To “minimize the potential disruption associated with the implementation of the new case-mix adjustment methodology,” starting July 31, CMS will revise the staffing rating thresholds to maintain the same overall distribution of points for affected staffing measures.

More information about the new methodology is provided in the Nursing Home Care Compare Five Star Technical Users’ Guide

The agency said facility staffing ratings could be different due to various reasons, including: 

• The updated staffing level case-mix adjustment methodology

• Changes in the number of staffing hours reported by facilities from one quarter to the next

• Updates to the staffing turnover methodology (noted below)

In April, CMS froze three staffing level measures:

• Adjusted RN Staffing (hours per resident per day) 

• Adjusted Total Nurse Staffing (hours per resident per day) 

• Adjusted Total Nurse Staffing on weekends (hours per resident per day) 

In addition to updating the staffing level case-mix adjustment methodology, CMS also is revising the risk adjustment methodology for the claims-based quality measures to incorporate the most recent data available. 

“The availability of this information aligns with our commitment to transparency and could incentivize facilities to enhance their quality standards. This is the first time this data has been released,” said the surveyor memo sent by Karen L. Tritz, director of CMS’s Survey & Operations Group, and David R. Wright, director of the agency’s  Quality, Safety & Oversight Group.

They said operators and other stakeholders can send recommendations on how the data could be best structured to support their efforts to [email protected]
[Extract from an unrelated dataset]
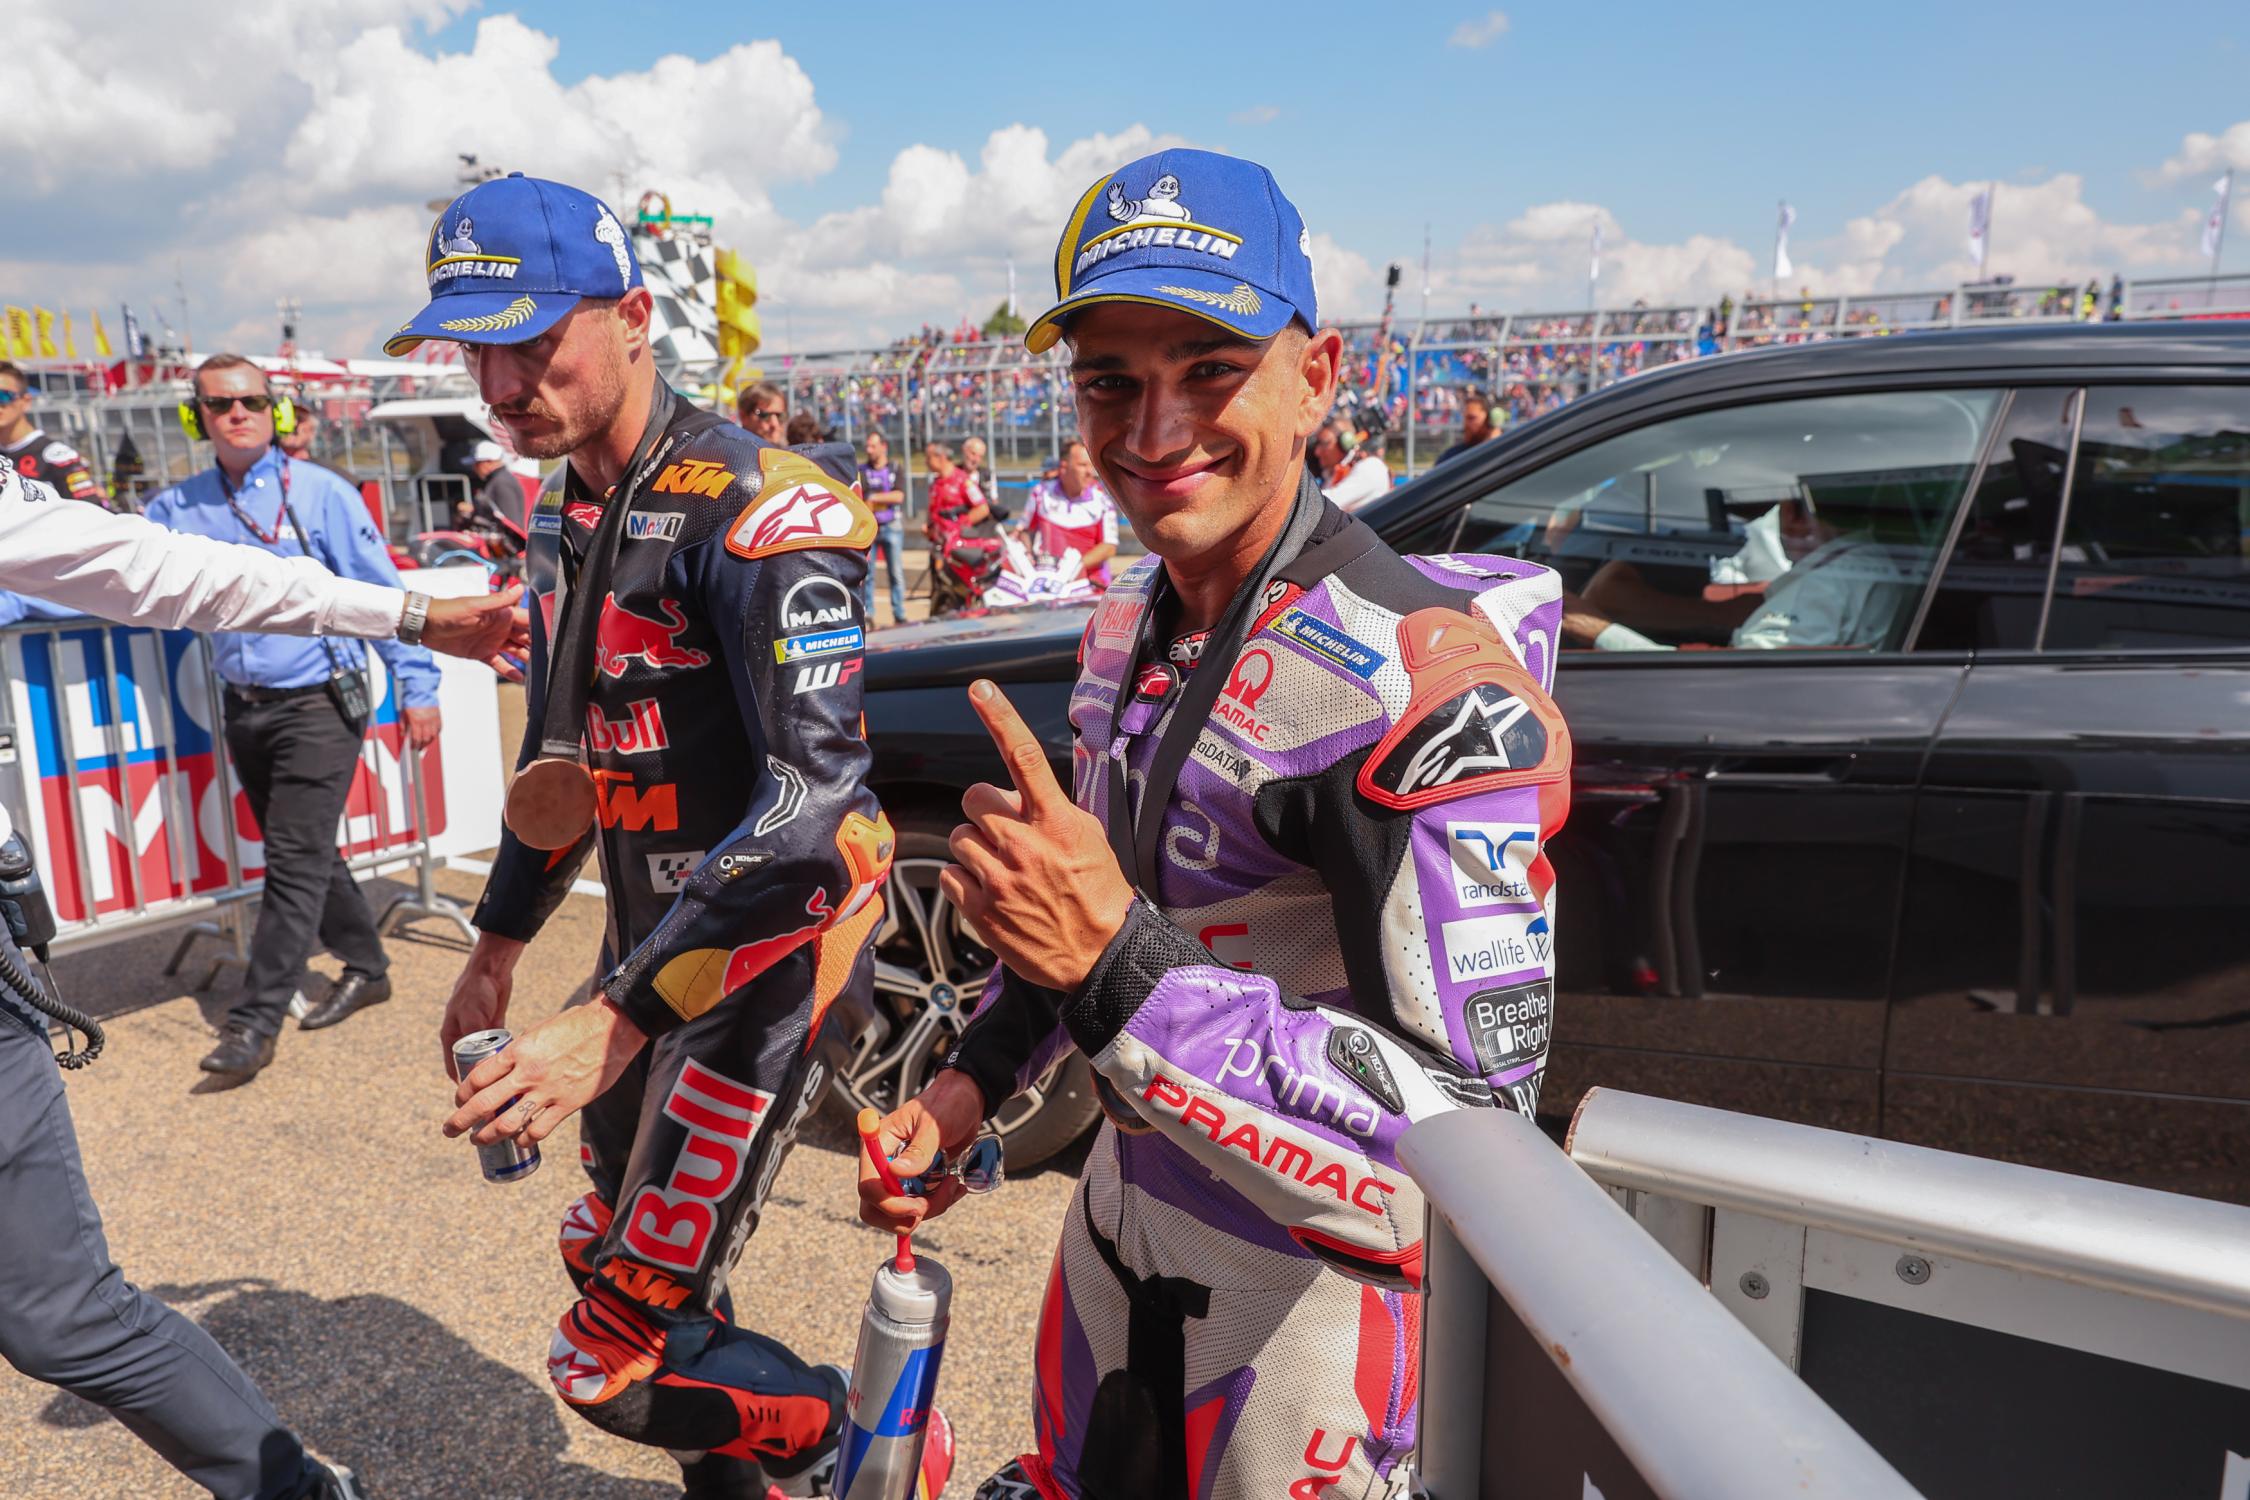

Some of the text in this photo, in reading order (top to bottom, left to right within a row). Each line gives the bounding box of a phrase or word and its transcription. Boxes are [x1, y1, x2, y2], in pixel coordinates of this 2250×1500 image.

The staffing turnover tweak apparently corrected an oversight. Currently, employees on leave for 60 days or more are counted as departeds in the quality measure for nurse and administrator staffing turnover. To accommodate maternity and paternity leaves that could last longer, such as the allowed 12 weeks under the Family and Medical Leave Act’s (FMLA), regulators have pushed the 60-day ceiling to 90 days.

The new consumer guides will highlight minimum health and safety expectations in “consumer-friendly” terms, emphasize residents’ rights and make the information posted on Care Compare easier to interpret, officials said.